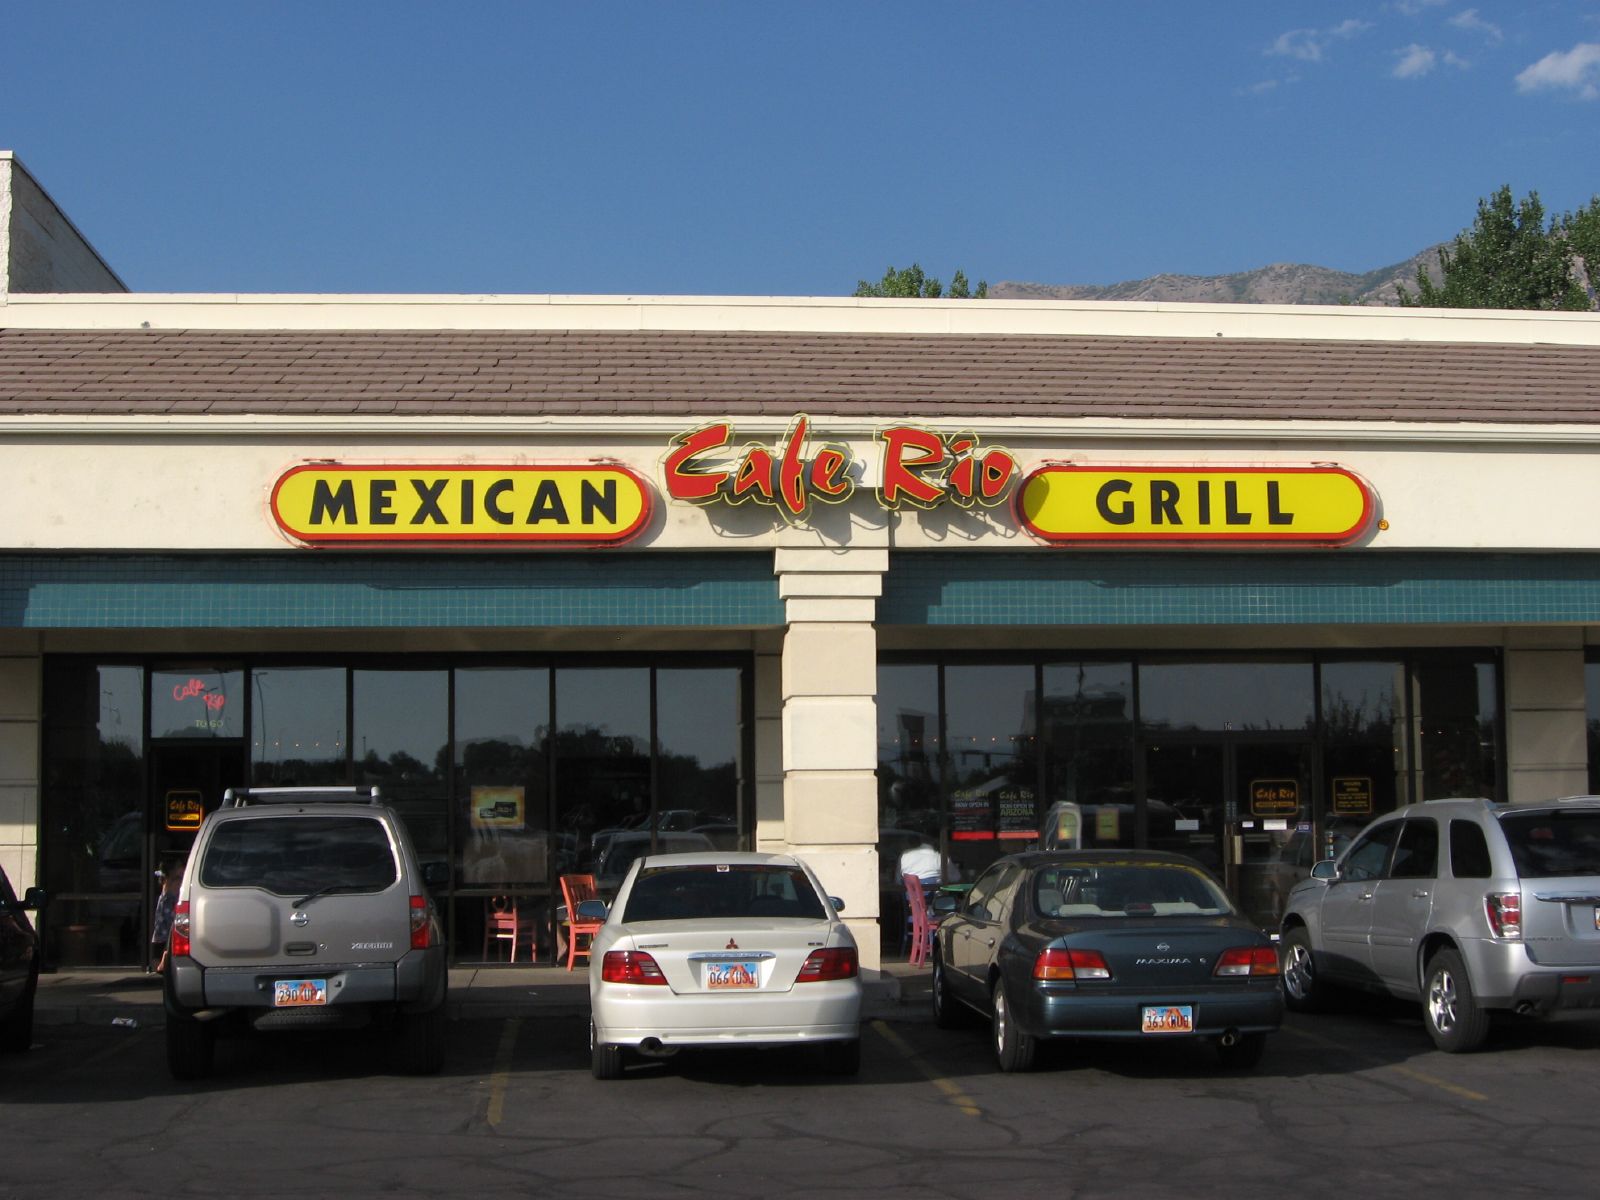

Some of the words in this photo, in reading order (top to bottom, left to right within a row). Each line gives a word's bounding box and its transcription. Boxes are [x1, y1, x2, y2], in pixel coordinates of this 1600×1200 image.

[663, 415, 849, 516] Cafe
[308, 479, 617, 525] MEXICAN
[1095, 479, 1295, 525] GRILL
[1000, 808, 1035, 817] ARIZONA
[709, 971, 729, 985] 066
[278, 989, 297, 1002] 290
[1146, 1015, 1164, 1028] 363

○ ○ ○ ○ ○ ○ ○

§ **Task item**: From the first line to the last, repeat the records exactly, leaving out the pictures.

§ **Solved exercise**:
Some of the words in this photo, in reading order (top to bottom, left to right within a row). Each line gives a word's bounding box and its transcription. Boxes are [x1, y1, x2, y2], in pixel coordinates of this 1600×1200 image.

[663, 415, 849, 516] Cafe
[308, 479, 617, 525] MEXICAN
[1095, 479, 1295, 525] GRILL
[1000, 808, 1035, 817] ARIZONA
[709, 971, 729, 985] 066
[278, 989, 297, 1002] 290
[1146, 1015, 1164, 1028] 363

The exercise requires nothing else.